The painful process of elimination

The painful process of elimination

Imagine that you're one of six WWE Superstars, battling inside a ring that's encircled by over 10 tons of soulless, structural grade steel. Then envision that the structure's girders are wrapped in more than two miles of chain, measuring 36 feet in diameter and 16 feet in height. And most important, understand that every ounce, every link and girder, every square inch of the structure has but one objective: To punish you.

You've just placed yourself inside the Elimination Chamber, WWE.com's No. 4 Most Extreme Match. Emerging from it unscathed, much less victorious … well, you probably have a better chance at withstanding a bolt of lightning — while holding a lightning rod and standing in a deep puddle, beneath a tree.

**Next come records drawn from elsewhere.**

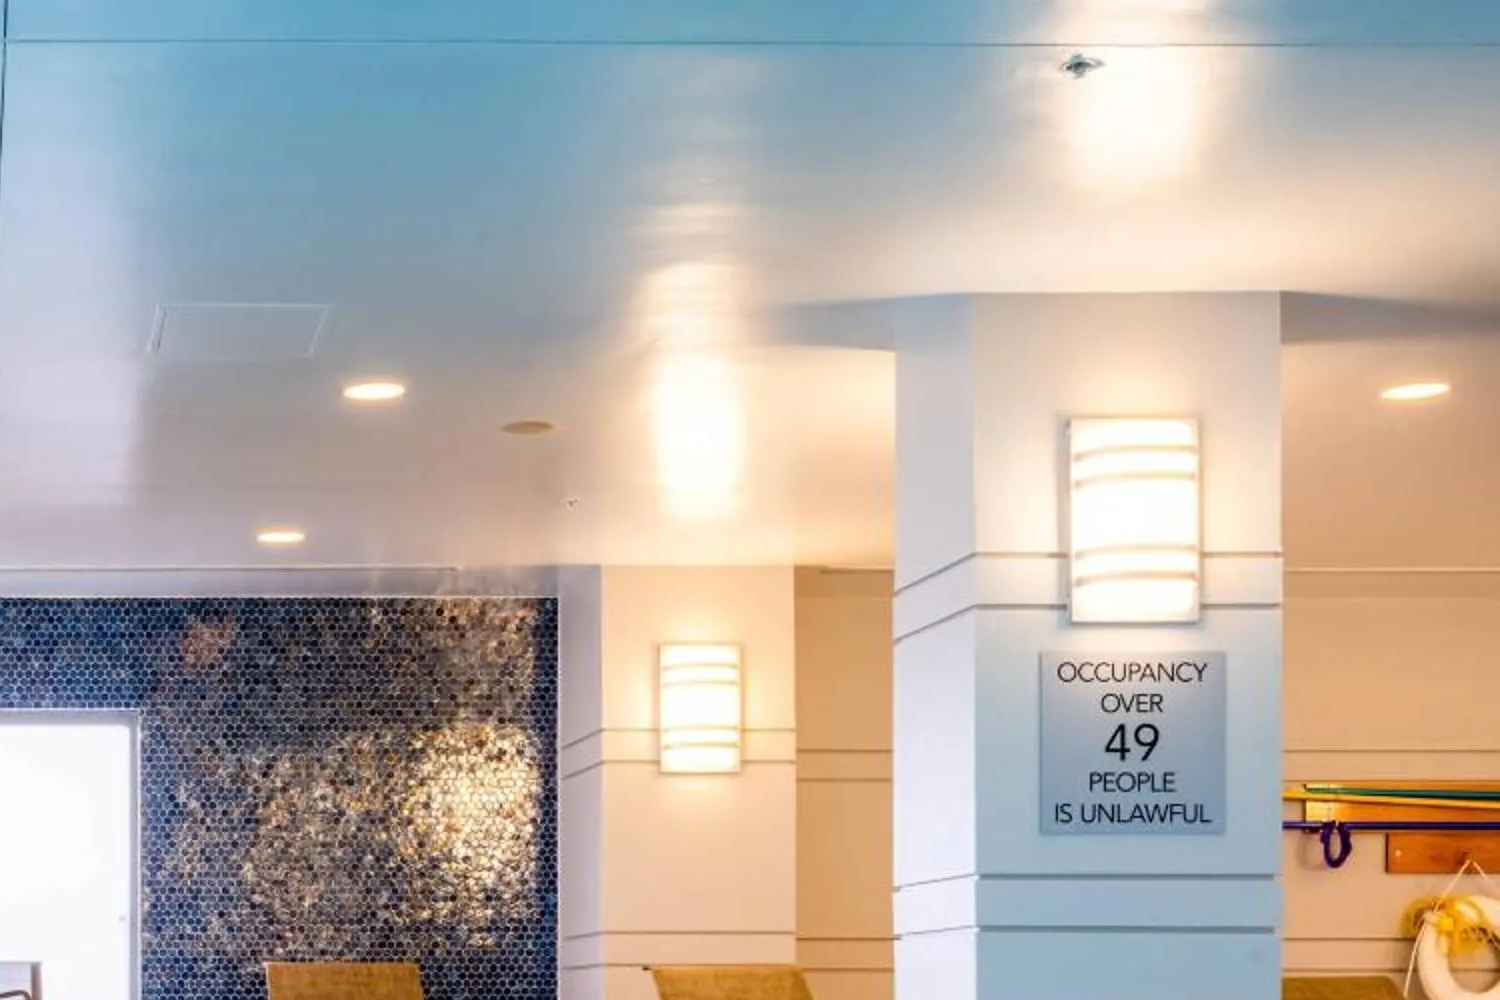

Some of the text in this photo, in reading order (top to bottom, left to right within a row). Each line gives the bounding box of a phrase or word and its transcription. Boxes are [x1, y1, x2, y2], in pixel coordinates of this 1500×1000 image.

[1057, 661, 1208, 683] OCCUPANCY
[1101, 693, 1163, 713] OVER
[1105, 723, 1160, 762] 49
[1089, 771, 1176, 793] PEOPLE
[1055, 803, 1213, 824] IS UNLAWFUL

Two Superstars begin the extreme match-up, while four others are encased within individual, bulletproof-grade glass chambers behind each ring post. After a predetermined amount of time, each claustrophobic encasement opens randomly until all Superstars have been released. Grabbing a pinfall or submission early in the contest, however unlikely, is critical, especially when the six-man melee can just as easily turn into a three-, four-, even five-on-one situation. (Case in point: New Year's Revolution in January 2005, when then-Evolution member Batista played a key role in helping Triple H obtain his tenth World Championship.)

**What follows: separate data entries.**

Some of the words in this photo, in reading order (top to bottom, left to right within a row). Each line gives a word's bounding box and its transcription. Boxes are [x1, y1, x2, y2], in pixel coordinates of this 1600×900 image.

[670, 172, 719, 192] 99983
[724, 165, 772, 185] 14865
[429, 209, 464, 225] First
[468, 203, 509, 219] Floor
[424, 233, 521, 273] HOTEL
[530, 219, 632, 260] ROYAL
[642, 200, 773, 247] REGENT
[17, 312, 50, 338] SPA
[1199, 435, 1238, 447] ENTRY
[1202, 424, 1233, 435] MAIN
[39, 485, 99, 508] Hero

Since its hellacious debut at Survivor Series in November 2002, the Elimination Chamber Match has tightly secured itself among WWE's most remorseless specialty bouts. Until you're eliminated or victorious over all opponents, there is no escaping the chamber's confines, or its potential to cause grave injury. Superstars have spilled buckets of the red stuff upon being hurtled through a glass encasement, or nearly crippled by suplexes onto the unpadded steel floor constructed just outside the ring. In the first-ever contest, Rob Van Dam's Five-Star Frog Splash from the top of a glass enclosure would send then-World Heavyweight Champion Triple H to a medical facility, for treatment of a partially crushed larynx. (It should be noted, though, that despite his severe distress, The Game continued battling in the chamber for another half-hour before ultimately losing his title to Shawn Michaels.)

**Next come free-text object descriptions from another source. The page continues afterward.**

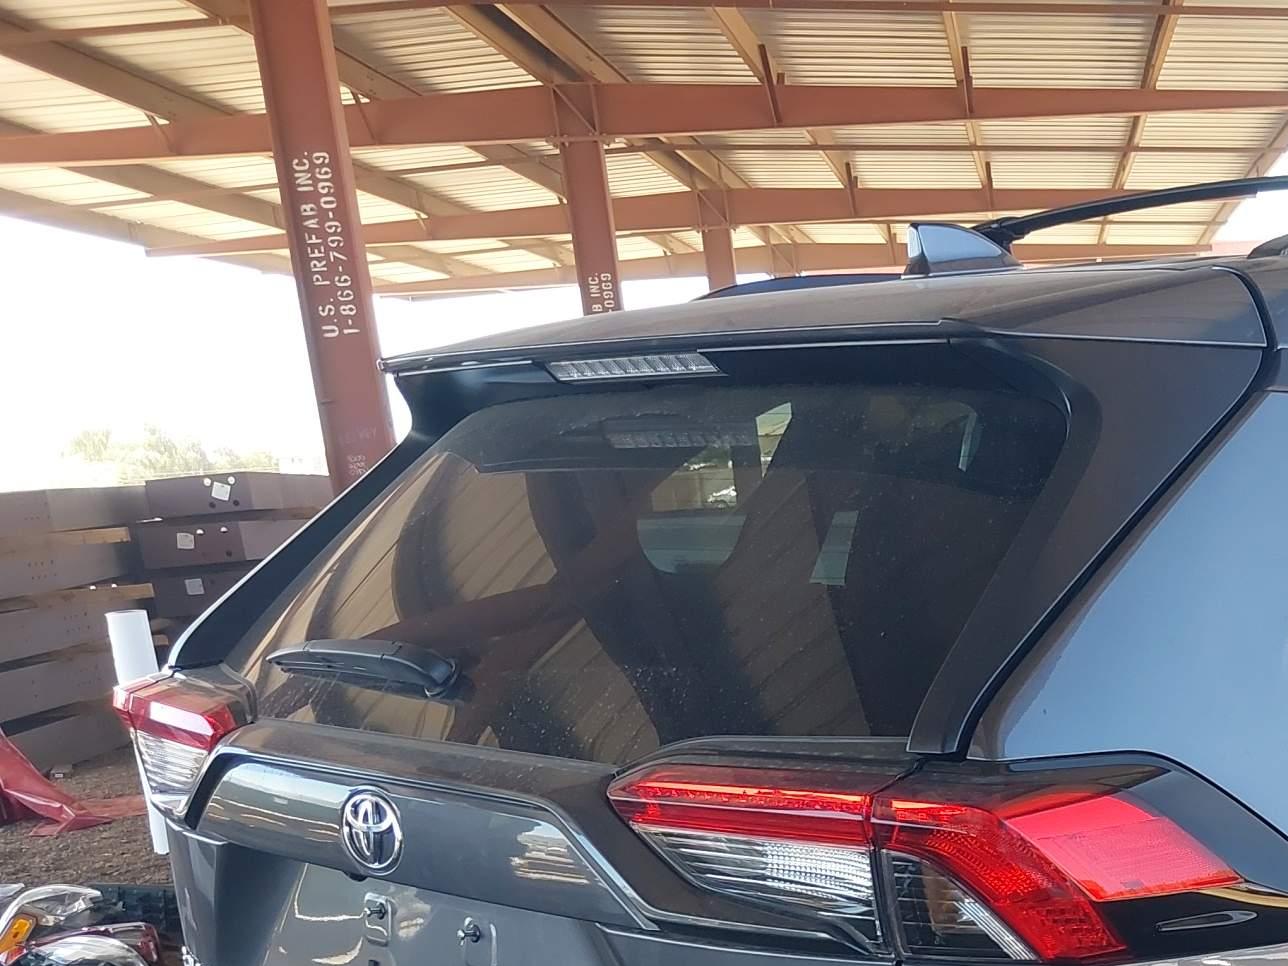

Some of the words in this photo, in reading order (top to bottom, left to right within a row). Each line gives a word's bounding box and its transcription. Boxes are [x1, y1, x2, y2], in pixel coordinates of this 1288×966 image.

[292, 151, 314, 192] INC.
[300, 203, 330, 286] PREFAB
[312, 151, 360, 335] 1-866-799-0969
[588, 272, 601, 297] INC.
[318, 297, 339, 338] U.S.

Because it is so punishing and severe, only nine Elimination Chamber Matches have been sanctioned up to this point. Of those nine, a new champion has been crowned on five occasions - most recently, at No Way Out in February 2009, when both the WWE and World Heavyweight Championships changed hands in two separate Elimination Chamber Matches. Without question, there's almost no better way to devise a method that guarantees having 12 battered Superstars exit a ring in one evening.

Needless to say, those who win an Elimination Chamber Match deservedly earn a place in WWE history. The possibility of earning that place in a debilitated capacity is equally, and horrifyingly real.